WHAT TO WORK ON — Keep the pictures out of the copy and repeat the records exactly.

Stored data entries:
* * * * * * * * *
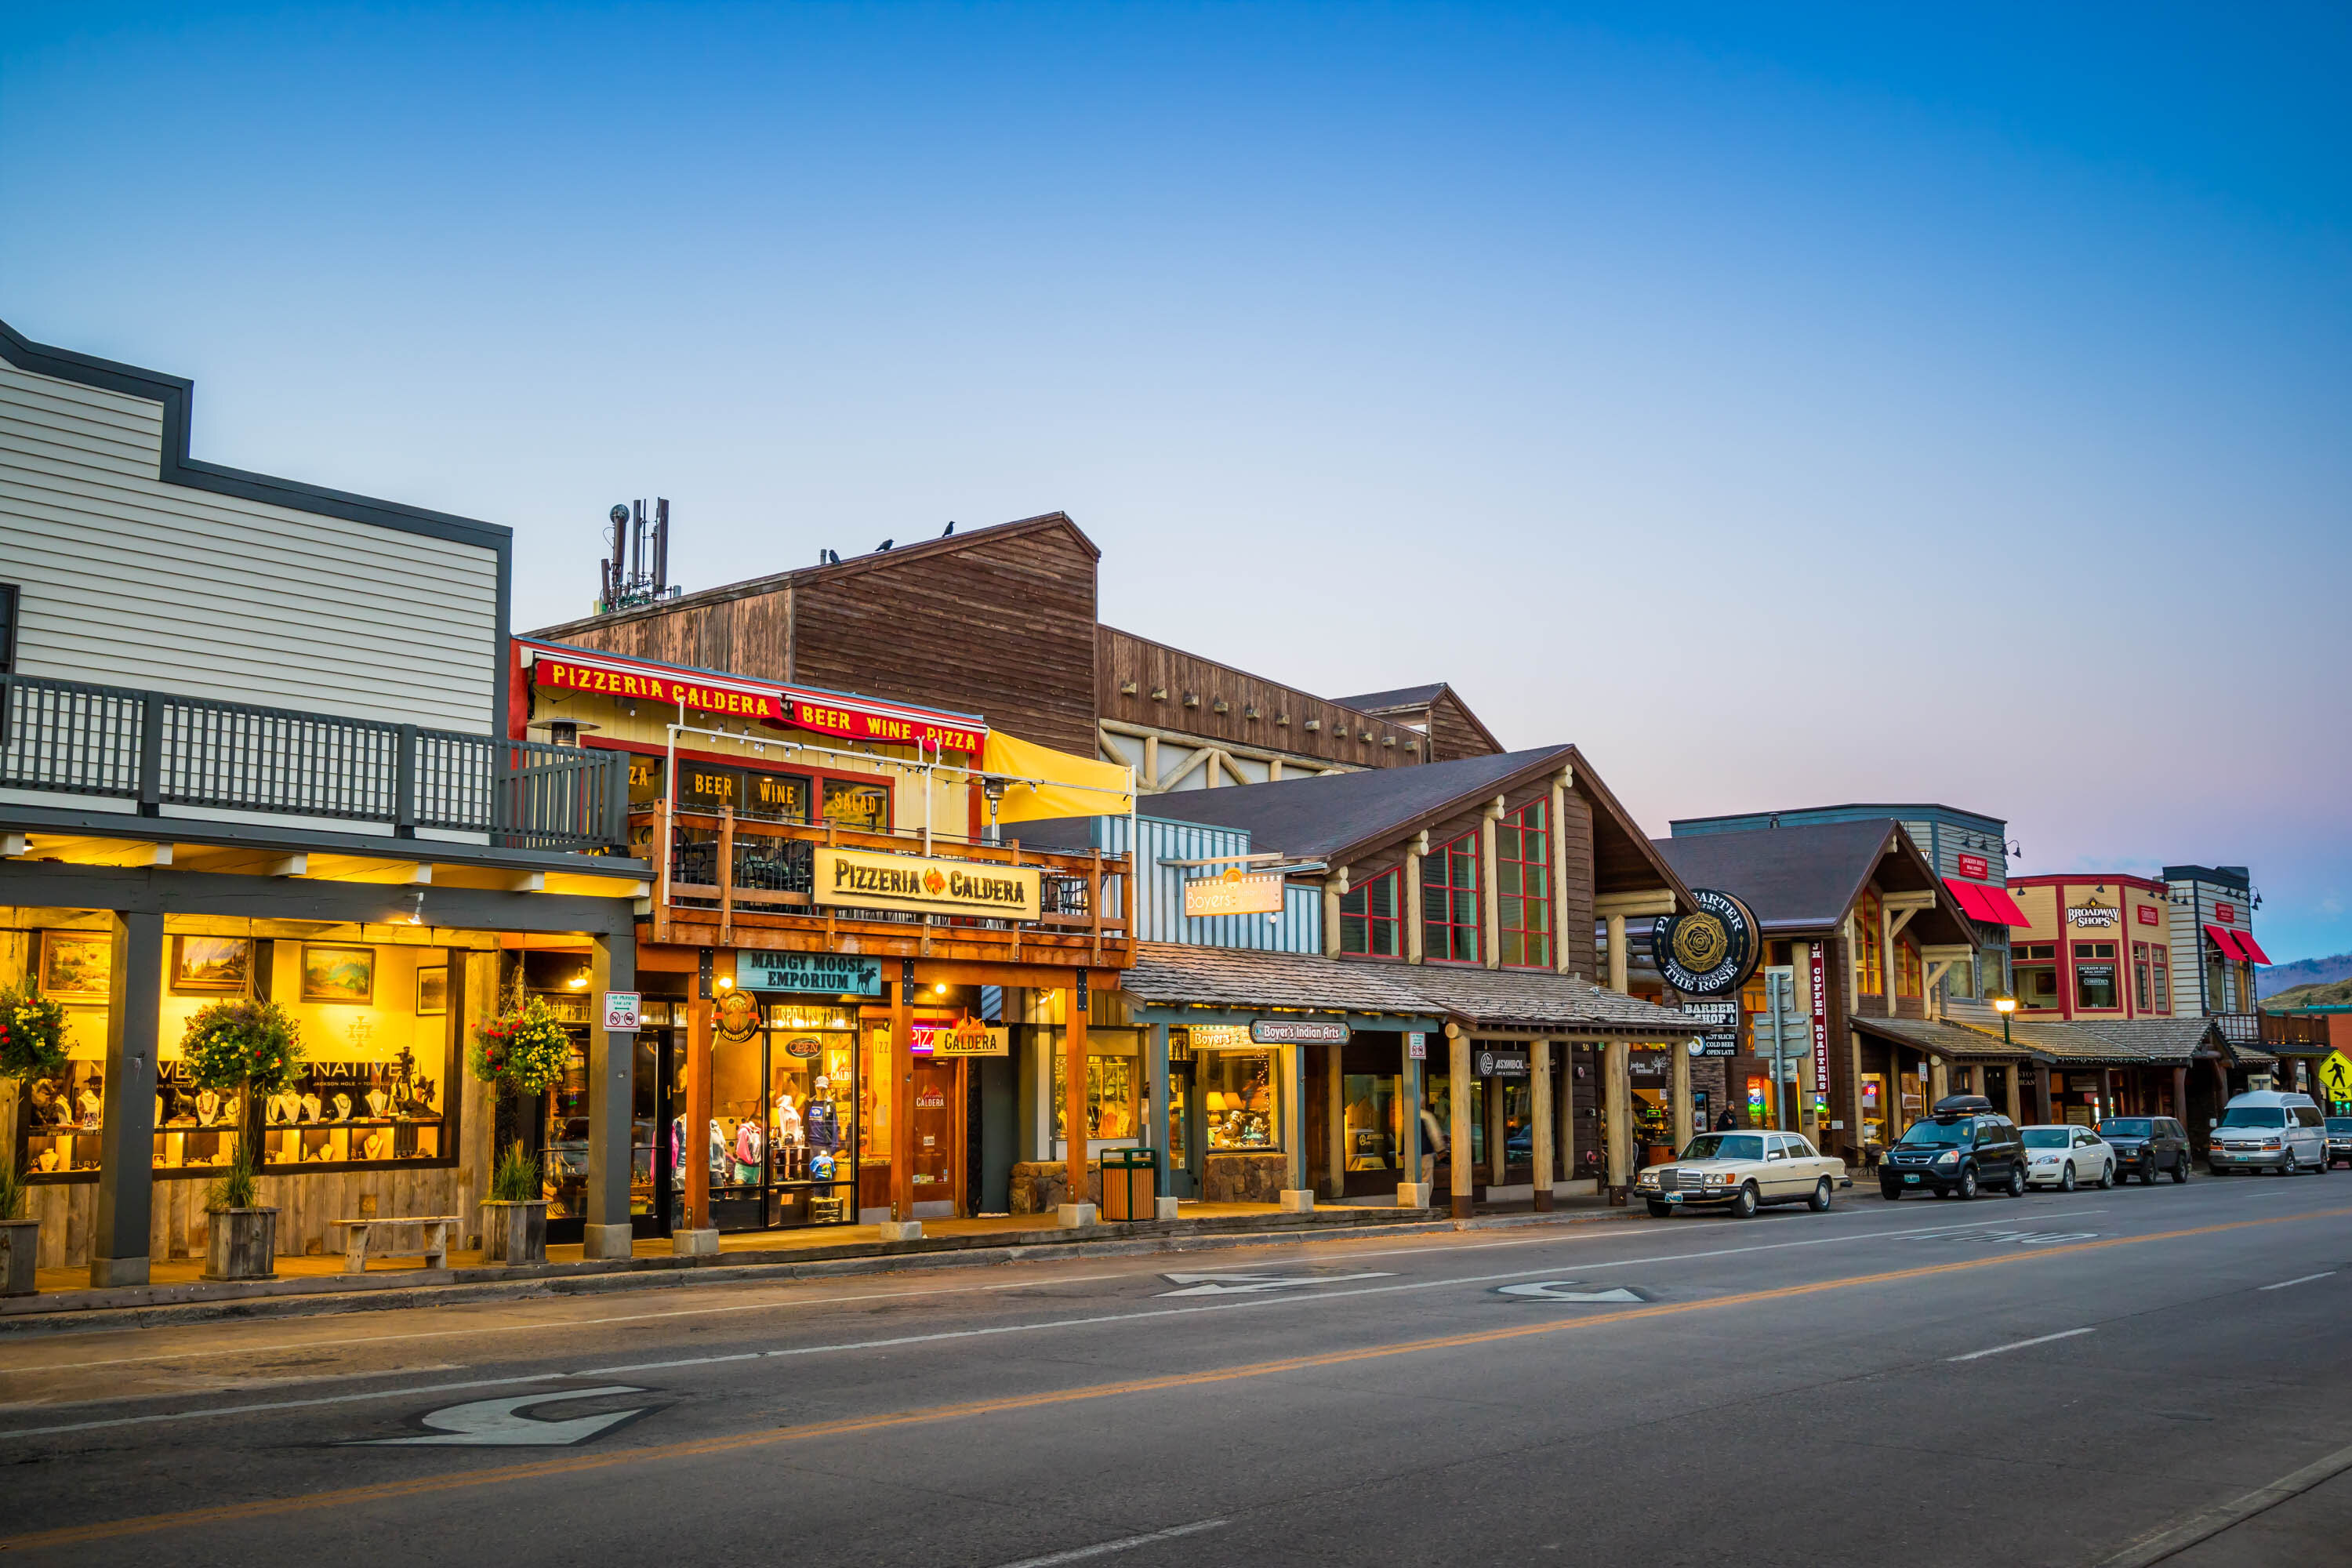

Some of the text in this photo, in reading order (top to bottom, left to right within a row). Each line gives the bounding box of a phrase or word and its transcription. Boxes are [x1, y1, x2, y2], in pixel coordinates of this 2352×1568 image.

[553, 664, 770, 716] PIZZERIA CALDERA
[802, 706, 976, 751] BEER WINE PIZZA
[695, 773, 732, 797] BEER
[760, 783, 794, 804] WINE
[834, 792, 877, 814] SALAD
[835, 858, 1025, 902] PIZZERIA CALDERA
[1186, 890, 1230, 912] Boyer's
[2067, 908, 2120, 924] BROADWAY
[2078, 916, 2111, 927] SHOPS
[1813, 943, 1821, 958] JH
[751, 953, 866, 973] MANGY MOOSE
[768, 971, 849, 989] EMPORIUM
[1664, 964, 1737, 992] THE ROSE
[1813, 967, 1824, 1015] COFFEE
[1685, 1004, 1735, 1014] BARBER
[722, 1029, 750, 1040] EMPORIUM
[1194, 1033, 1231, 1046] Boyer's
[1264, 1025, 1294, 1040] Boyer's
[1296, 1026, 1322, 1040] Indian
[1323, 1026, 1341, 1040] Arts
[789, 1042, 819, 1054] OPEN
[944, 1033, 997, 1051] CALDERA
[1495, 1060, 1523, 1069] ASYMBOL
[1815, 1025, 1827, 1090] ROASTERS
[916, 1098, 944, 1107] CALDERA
* * * * * * * * *
ANSWER TO THE PROBLEM —
Some of the text in this photo, in reading order (top to bottom, left to right within a row). Each line gives the bounding box of a phrase or word and its transcription. Boxes are [x1, y1, x2, y2], in pixel coordinates of this 2352×1568 image.

[553, 664, 770, 716] PIZZERIA CALDERA
[802, 706, 976, 751] BEER WINE PIZZA
[695, 773, 732, 797] BEER
[760, 783, 794, 804] WINE
[834, 792, 877, 814] SALAD
[835, 858, 1025, 902] PIZZERIA CALDERA
[1186, 890, 1230, 912] Boyer's
[2067, 908, 2120, 924] BROADWAY
[2078, 916, 2111, 927] SHOPS
[1813, 943, 1821, 958] JH
[751, 953, 866, 973] MANGY MOOSE
[768, 971, 849, 989] EMPORIUM
[1664, 964, 1737, 992] THE ROSE
[1813, 967, 1824, 1015] COFFEE
[1685, 1004, 1735, 1014] BARBER
[722, 1029, 750, 1040] EMPORIUM
[1194, 1033, 1231, 1046] Boyer's
[1264, 1025, 1294, 1040] Boyer's
[1296, 1026, 1322, 1040] Indian
[1323, 1026, 1341, 1040] Arts
[789, 1042, 819, 1054] OPEN
[944, 1033, 997, 1051] CALDERA
[1495, 1060, 1523, 1069] ASYMBOL
[1815, 1025, 1827, 1090] ROASTERS
[916, 1098, 944, 1107] CALDERA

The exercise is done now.